So when I said "tomorrow" in my last post, what I actually meant was in several weeks. It's been a bit nutty for me. My husband went to Houston for 2 weeks for work and my mom came to visit and help me. Yay! So it was crazy, and sad because I missed my husband, but also a ton of fun having my mom here. Anyway, enough the the excuses!
If you haven't read my last post, it is short and it sets up this series of posts I am writing on the process of weaving. This is the second one. The first can be found here.
Now that I have a basic design concept I can get to work. Initially that involves calculations of how much yarn a project will be. There on online calculators for this, but I wrote my own in excel... because literally my whole life i excel based. This was just a natural extension. I need to plan everything out like length and width of the fabric as well as shrinkage, loom waste, colors and how they are used, etc. In this case my planning told me that I needed to buy more yarn. What?!? I can't help it! That what excel told me to do!
Like a I said in the last post, this wrap is going to be neutral. I have a chocolate brown and a taupe, but I want to add in some black. I still have some tweaking of the final design, but I am hoping for a modern, sophisticated look. Conceptually I settled in a design that used a warp of all taupe. Generally I don't use a single color because I find it to be boring. But this wrap is about stepping out of my comfort zone and I'm pretty excited about the possibilities... Once the yarn arrives in the mail.
Before I continue I want to pause for a quick explanation of warp and weft for the rest of this post. I'll get back into this actual shawl next time.
Unless you are actually going to weave, warp and weft are the two most important terms to understanding any weaver. Everything else is mechanics. But warp and weft refer to the yarns used for weaving, and therefore is the most visually important part of any woven piece. These yarns can be any color, thickness, and material you can think of. But floor loom weavers do have a consideration when considering the warp, as I'll talk about later... I think
If you look at any woven fabric you will see two sets of threads or yarns traveling at 90 degrees to each other (there are certainly exceptions to this... deflected warps and wefts, some tapestry weaving. I am keeping it basic here). This is as opposed to knit fabric were the yarn or thread interacts in loops. Most t-shirts are knit fabrics, most jeans are woven. If you've ever bought cotton quilting fabric at a fabric store you know that there is the short side that frays and the long sides that don't. Those are called the selvages. So, with that fabric in mind, the thread that runs parallel to the selvage, the ends that stick out of the fray, are the warp threads. Those that are parallel with the fraying edge, the threads that fray off, are the weft.

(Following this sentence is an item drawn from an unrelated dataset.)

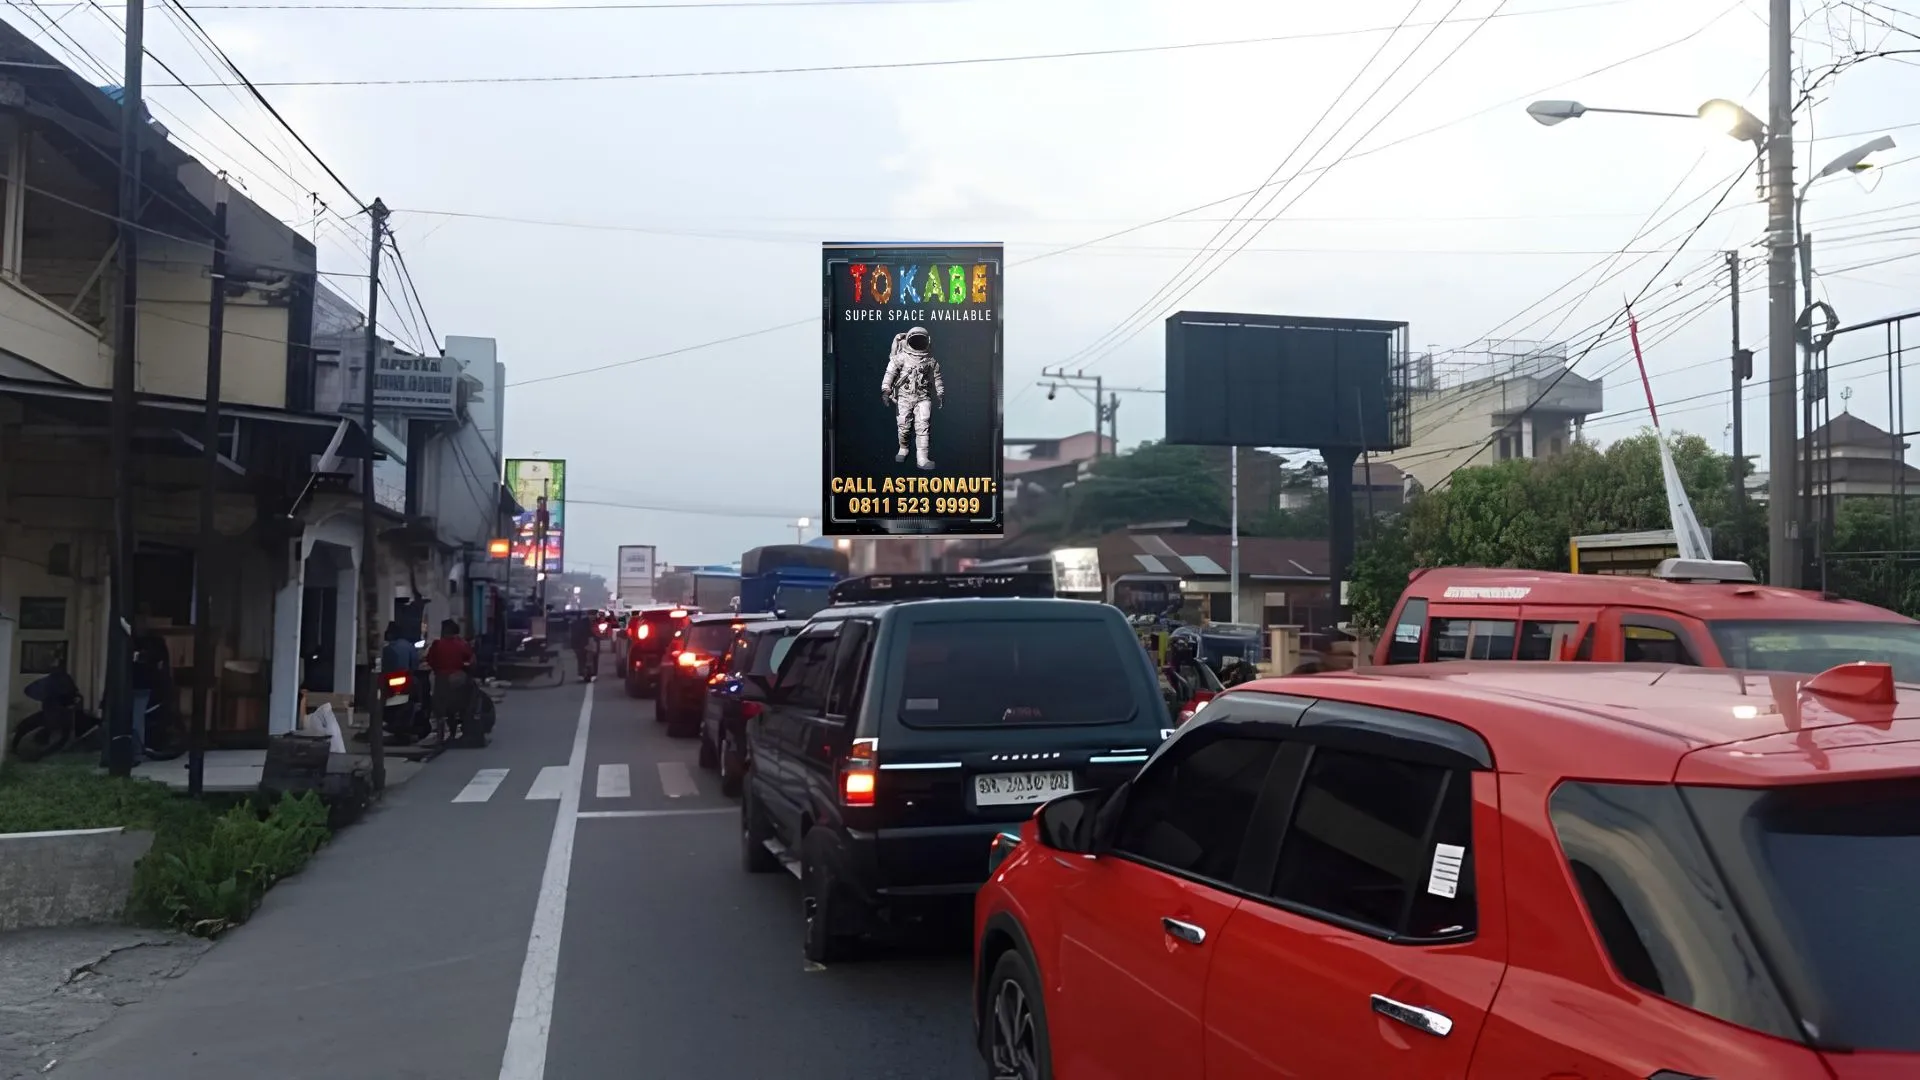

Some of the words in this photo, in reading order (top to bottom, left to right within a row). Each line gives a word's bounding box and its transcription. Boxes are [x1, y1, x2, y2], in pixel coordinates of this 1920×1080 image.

So let's relate this to making handwoven fabric. Nearly every floor loom is going to be remarkably similar at it's core. It is designed to hold yarn at tension and lift or lower those yarns in pattern to allow the weft yarn to be woven into the warp. This most fundamental weave structure is plain weave. This is where the loom lifts (or lowers) every other warp yarn... the weft is placed between them, then the other half warp yarns are lifted and the next weft is placed between them. As you can imagine, patterns can be made by, rather that lifting every other warp, the loom lifts every 3rd. The complexity can become enormous and there are scores of books publishing these possibilities as well as websites.
And let me pause for a moment... I am super generalizing and any weaver that may read this can go "well that's not entirely true" and "that's not the way countermarche looms work" etc. Sorry weavers, this post might be painful for you. Then again, if you are a weaver you probably don't need to read any of this. Go take at look at the pretty pictures in my gallery or shop instead. heehee *wink wink*
Also... I interchange the word yarn and thread. Yarn is really just "thick" thread so don't get too worked up about it.
So here is my loom, an 8 shaft baby wolf. This photo is from Schacht, the company that made it. They are located right in Boulder. (I've been on a factory tour... it was amazing! I was in heaven the whole time and wanted to pitch a tent in the middle of the factory and live there. They weren't too keen on that and neither was OSHA!) I labeled the most important parts. There are a ton more, but unless you are actually going to weave they don't matter.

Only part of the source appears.